In principle, yes — the control PCB is a physically distinct assembly within the SVU unit and can be removed and replaced without disturbing the power section (IPM module, capacitors, rectifier).

However, the physical reassembly of the SVU unit requires attention to the thermal interface between the control PCB and the wiring board, correct seating of all backplane connectors, and correct grounding of the PCB mounting hardware. 

Many specialist FANUC repair centres prefer to work on the complete SVU unit rather than just the PCB, because the reassembly procedure requires knowledge of the unit's specific construction. 

If only the control PCB is being replaced, the associated wiring board (A16B-2202-0950 or -0951) should be inspected simultaneously for damaged connectors or traces.

Q3: A Type-B SVU system needs to be connected to a newer FSSB-based CNC. Is an adapter available?

No direct adapter exists to connect an analogue Type-B SVU to a FSSB-based CNC (Series 0i, 16i, 18i, 21i).

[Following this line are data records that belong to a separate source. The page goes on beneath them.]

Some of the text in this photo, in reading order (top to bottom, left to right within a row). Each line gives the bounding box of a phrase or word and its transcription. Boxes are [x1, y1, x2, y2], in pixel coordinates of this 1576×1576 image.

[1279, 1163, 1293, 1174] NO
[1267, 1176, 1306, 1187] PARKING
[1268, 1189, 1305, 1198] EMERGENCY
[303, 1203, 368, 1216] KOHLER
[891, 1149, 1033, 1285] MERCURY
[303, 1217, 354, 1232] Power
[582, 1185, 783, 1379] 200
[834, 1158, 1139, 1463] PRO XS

FSSB is a digital fibre-optic serial protocol that is fundamentally incompatible with the Type-B analogue PWM interface at the signal level.

Connecting a Type-B SVU to a FSSB CNC requires replacing the SVU drives with FSSB-compatible amplifiers (A06B-6096 SVM series or βi-series amplifiers) and the associated wiring, power supply, and parameter changes.

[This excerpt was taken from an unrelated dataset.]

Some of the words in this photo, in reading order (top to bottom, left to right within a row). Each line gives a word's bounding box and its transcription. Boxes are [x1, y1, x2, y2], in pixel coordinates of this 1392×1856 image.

This is a significant engineering project, typically undertaken during a broader machine control upgrade rather than as an emergency repair.

Q4: What does the LED display on the SVU unit show, and how is it used for fault diagnosis?

The SVU unit (A06B-6089 series) has a 7-segment LED display that shows a two-character alarm code when a fault is detected.

This display is driven by the A20B-2002-0030 control PCB — if the control PCB has failed to the extent that it cannot initialise its display driver, the LED will be dark or show a fixed pattern. Normal operation shows "–" (dash) or a numeric count. 

Alarm codes in the FANUC Alpha SVU maintenance manual (B-65195EN) identify the specific fault: IPM alarm codes, DC low voltage codes, encoder fault codes, and communication fault codes. The LED display is the first reference point for any SVU fault diagnosis.

Q5: How often should the absolute pulse coder battery on the SVU be replaced, and what happens if it fully discharges?

The battery for the absolute pulse coder should be replaced every 1–3 years under normal conditions, or immediately when the CNC generates a low-battery warning for the affected axis. The CNC monitors the battery voltage through the feedback path and generates a warning alarm (typically APC-4xx series alarms in FANUC parlance) when voltage drops to the warning threshold.

Battery replacement should be performed with the CNC powered on — the live control system maintains the encoder's position memory through the power supply while the battery is swapped, preventing data loss. 

If the battery fully discharges and position data is lost, the axis's reference position is unknown — the machine cannot be used until a manual mastering (reference return) procedure re-establishes the absolute position datum for the affected axis.